▶ [EXERCISE INSTRUCTIONS] Repeat every entry exactly. Leave nothing out.

▶ [SUPPLIED MATERIAL]

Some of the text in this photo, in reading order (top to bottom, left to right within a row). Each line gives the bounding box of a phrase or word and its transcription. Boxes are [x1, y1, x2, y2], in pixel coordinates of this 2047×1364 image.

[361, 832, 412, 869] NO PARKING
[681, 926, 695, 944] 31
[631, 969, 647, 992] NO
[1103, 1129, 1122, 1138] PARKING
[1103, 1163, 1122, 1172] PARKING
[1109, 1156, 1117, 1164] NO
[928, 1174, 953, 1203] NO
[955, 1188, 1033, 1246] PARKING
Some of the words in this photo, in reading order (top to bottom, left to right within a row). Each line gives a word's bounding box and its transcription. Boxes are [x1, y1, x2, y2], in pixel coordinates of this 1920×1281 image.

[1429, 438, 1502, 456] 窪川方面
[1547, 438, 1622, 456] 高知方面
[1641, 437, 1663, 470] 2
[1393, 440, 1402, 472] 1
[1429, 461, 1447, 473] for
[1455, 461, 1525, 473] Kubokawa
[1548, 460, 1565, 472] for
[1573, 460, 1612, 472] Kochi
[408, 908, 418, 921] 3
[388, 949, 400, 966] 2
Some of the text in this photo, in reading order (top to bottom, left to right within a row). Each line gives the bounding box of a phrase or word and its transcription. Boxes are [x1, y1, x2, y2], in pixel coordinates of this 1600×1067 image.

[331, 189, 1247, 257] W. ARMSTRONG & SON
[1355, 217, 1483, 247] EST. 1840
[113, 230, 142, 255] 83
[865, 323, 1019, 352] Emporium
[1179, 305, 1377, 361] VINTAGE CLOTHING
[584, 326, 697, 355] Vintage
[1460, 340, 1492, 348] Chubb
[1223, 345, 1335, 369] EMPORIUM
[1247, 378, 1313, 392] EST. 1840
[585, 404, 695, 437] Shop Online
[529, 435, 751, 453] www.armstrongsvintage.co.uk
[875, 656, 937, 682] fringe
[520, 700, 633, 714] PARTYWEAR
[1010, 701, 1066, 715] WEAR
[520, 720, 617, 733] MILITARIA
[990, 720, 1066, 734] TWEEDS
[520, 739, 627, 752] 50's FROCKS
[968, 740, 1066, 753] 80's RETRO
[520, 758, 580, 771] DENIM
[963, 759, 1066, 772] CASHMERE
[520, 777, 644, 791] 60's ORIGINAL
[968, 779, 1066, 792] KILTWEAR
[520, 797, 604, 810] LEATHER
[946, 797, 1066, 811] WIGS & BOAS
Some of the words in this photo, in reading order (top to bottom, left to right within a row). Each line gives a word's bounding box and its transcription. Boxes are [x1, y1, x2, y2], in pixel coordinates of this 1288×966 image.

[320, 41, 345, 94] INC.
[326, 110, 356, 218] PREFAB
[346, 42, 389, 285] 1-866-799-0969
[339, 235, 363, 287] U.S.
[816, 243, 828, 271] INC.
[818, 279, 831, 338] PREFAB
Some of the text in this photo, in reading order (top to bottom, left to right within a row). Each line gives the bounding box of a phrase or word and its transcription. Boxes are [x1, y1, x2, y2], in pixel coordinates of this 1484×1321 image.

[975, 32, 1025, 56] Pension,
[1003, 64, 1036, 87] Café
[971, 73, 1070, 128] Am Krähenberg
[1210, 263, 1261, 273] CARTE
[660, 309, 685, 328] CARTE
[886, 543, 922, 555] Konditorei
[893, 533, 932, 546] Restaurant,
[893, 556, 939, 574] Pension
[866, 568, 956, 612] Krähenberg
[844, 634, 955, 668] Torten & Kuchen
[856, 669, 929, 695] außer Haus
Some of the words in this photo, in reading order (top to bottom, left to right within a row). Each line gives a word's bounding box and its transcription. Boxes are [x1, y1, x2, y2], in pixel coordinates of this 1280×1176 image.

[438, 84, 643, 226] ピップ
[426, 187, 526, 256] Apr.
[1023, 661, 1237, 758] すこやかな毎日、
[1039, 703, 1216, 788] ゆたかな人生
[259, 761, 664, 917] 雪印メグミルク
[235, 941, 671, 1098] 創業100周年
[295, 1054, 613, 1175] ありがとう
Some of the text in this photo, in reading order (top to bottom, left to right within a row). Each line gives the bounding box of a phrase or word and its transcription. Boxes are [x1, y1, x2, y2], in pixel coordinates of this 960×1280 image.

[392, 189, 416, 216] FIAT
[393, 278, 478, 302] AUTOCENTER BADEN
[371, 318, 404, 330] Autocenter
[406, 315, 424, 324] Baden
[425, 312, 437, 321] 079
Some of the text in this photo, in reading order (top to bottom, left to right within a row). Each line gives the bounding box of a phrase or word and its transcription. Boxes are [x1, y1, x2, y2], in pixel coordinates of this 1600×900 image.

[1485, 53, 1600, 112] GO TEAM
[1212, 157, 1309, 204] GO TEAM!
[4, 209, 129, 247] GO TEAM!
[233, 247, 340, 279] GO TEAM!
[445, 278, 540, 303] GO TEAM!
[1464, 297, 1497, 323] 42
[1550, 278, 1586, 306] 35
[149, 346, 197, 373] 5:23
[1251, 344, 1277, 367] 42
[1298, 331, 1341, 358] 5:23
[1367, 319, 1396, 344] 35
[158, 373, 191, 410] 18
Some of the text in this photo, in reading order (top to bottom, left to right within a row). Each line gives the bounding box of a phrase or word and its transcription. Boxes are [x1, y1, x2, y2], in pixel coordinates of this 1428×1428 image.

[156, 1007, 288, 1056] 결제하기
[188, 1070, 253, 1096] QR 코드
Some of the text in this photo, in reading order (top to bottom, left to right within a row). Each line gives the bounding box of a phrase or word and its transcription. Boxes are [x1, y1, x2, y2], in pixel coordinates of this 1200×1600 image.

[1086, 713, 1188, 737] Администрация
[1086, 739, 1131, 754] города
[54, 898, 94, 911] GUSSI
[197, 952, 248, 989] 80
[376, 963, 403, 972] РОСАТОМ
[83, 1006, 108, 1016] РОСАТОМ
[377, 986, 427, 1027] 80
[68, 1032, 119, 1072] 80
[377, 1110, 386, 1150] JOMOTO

▶ [EXERCISE SOLUTION]
Some of the text in this photo, in reading order (top to bottom, left to right within a row). Each line gives the bounding box of a phrase or word and its transcription. Boxes are [x1, y1, x2, y2], in pixel coordinates of this 2047×1364 image.

[361, 832, 412, 869] NO PARKING
[681, 926, 695, 944] 31
[631, 969, 647, 992] NO
[1103, 1129, 1122, 1138] PARKING
[1103, 1163, 1122, 1172] PARKING
[1109, 1156, 1117, 1164] NO
[928, 1174, 953, 1203] NO
[955, 1188, 1033, 1246] PARKING
Some of the words in this photo, in reading order (top to bottom, left to right within a row). Each line gives a word's bounding box and its transcription. Boxes are [x1, y1, x2, y2], in pixel coordinates of this 1920×1281 image.

[1429, 438, 1502, 456] 窪川方面
[1547, 438, 1622, 456] 高知方面
[1641, 437, 1663, 470] 2
[1393, 440, 1402, 472] 1
[1429, 461, 1447, 473] for
[1455, 461, 1525, 473] Kubokawa
[1548, 460, 1565, 472] for
[1573, 460, 1612, 472] Kochi
[408, 908, 418, 921] 3
[388, 949, 400, 966] 2
Some of the text in this photo, in reading order (top to bottom, left to right within a row). Each line gives the bounding box of a phrase or word and its transcription. Boxes are [x1, y1, x2, y2], in pixel coordinates of this 1600×1067 image.

[331, 189, 1247, 257] W. ARMSTRONG & SON
[1355, 217, 1483, 247] EST. 1840
[113, 230, 142, 255] 83
[865, 323, 1019, 352] Emporium
[1179, 305, 1377, 361] VINTAGE CLOTHING
[584, 326, 697, 355] Vintage
[1460, 340, 1492, 348] Chubb
[1223, 345, 1335, 369] EMPORIUM
[1247, 378, 1313, 392] EST. 1840
[585, 404, 695, 437] Shop Online
[529, 435, 751, 453] www.armstrongsvintage.co.uk
[875, 656, 937, 682] fringe
[520, 700, 633, 714] PARTYWEAR
[1010, 701, 1066, 715] WEAR
[520, 720, 617, 733] MILITARIA
[990, 720, 1066, 734] TWEEDS
[520, 739, 627, 752] 50's FROCKS
[968, 740, 1066, 753] 80's RETRO
[520, 758, 580, 771] DENIM
[963, 759, 1066, 772] CASHMERE
[520, 777, 644, 791] 60's ORIGINAL
[968, 779, 1066, 792] KILTWEAR
[520, 797, 604, 810] LEATHER
[946, 797, 1066, 811] WIGS & BOAS
Some of the words in this photo, in reading order (top to bottom, left to right within a row). Each line gives a word's bounding box and its transcription. Boxes are [x1, y1, x2, y2], in pixel coordinates of this 1288×966 image.

[320, 41, 345, 94] INC.
[326, 110, 356, 218] PREFAB
[346, 42, 389, 285] 1-866-799-0969
[339, 235, 363, 287] U.S.
[816, 243, 828, 271] INC.
[818, 279, 831, 338] PREFAB
Some of the text in this photo, in reading order (top to bottom, left to right within a row). Each line gives the bounding box of a phrase or word and its transcription. Boxes are [x1, y1, x2, y2], in pixel coordinates of this 1484×1321 image.

[975, 32, 1025, 56] Pension,
[1003, 64, 1036, 87] Café
[971, 73, 1070, 128] Am Krähenberg
[1210, 263, 1261, 273] CARTE
[660, 309, 685, 328] CARTE
[886, 543, 922, 555] Konditorei
[893, 533, 932, 546] Restaurant,
[893, 556, 939, 574] Pension
[866, 568, 956, 612] Krähenberg
[844, 634, 955, 668] Torten & Kuchen
[856, 669, 929, 695] außer Haus
Some of the words in this photo, in reading order (top to bottom, left to right within a row). Each line gives a word's bounding box and its transcription. Boxes are [x1, y1, x2, y2], in pixel coordinates of this 1280×1176 image.

[438, 84, 643, 226] ピップ
[426, 187, 526, 256] Apr.
[1023, 661, 1237, 758] すこやかな毎日、
[1039, 703, 1216, 788] ゆたかな人生
[259, 761, 664, 917] 雪印メグミルク
[235, 941, 671, 1098] 創業100周年
[295, 1054, 613, 1175] ありがとう
Some of the text in this photo, in reading order (top to bottom, left to right within a row). Each line gives the bounding box of a phrase or word and its transcription. Boxes are [x1, y1, x2, y2], in pixel coordinates of this 960×1280 image.

[392, 189, 416, 216] FIAT
[393, 278, 478, 302] AUTOCENTER BADEN
[371, 318, 404, 330] Autocenter
[406, 315, 424, 324] Baden
[425, 312, 437, 321] 079
Some of the text in this photo, in reading order (top to bottom, left to right within a row). Each line gives the bounding box of a phrase or word and its transcription. Boxes are [x1, y1, x2, y2], in pixel coordinates of this 1600×900 image.

[1485, 53, 1600, 112] GO TEAM
[1212, 157, 1309, 204] GO TEAM!
[4, 209, 129, 247] GO TEAM!
[233, 247, 340, 279] GO TEAM!
[445, 278, 540, 303] GO TEAM!
[1464, 297, 1497, 323] 42
[1550, 278, 1586, 306] 35
[149, 346, 197, 373] 5:23
[1251, 344, 1277, 367] 42
[1298, 331, 1341, 358] 5:23
[1367, 319, 1396, 344] 35
[158, 373, 191, 410] 18
Some of the text in this photo, in reading order (top to bottom, left to right within a row). Each line gives the bounding box of a phrase or word and its transcription. Boxes are [x1, y1, x2, y2], in pixel coordinates of this 1428×1428 image.

[156, 1007, 288, 1056] 결제하기
[188, 1070, 253, 1096] QR 코드
Some of the text in this photo, in reading order (top to bottom, left to right within a row). Each line gives the bounding box of a phrase or word and its transcription. Boxes are [x1, y1, x2, y2], in pixel coordinates of this 1200×1600 image.

[1086, 713, 1188, 737] Администрация
[1086, 739, 1131, 754] города
[54, 898, 94, 911] GUSSI
[197, 952, 248, 989] 80
[376, 963, 403, 972] РОСАТОМ
[83, 1006, 108, 1016] РОСАТОМ
[377, 986, 427, 1027] 80
[68, 1032, 119, 1072] 80
[377, 1110, 386, 1150] JOMOTO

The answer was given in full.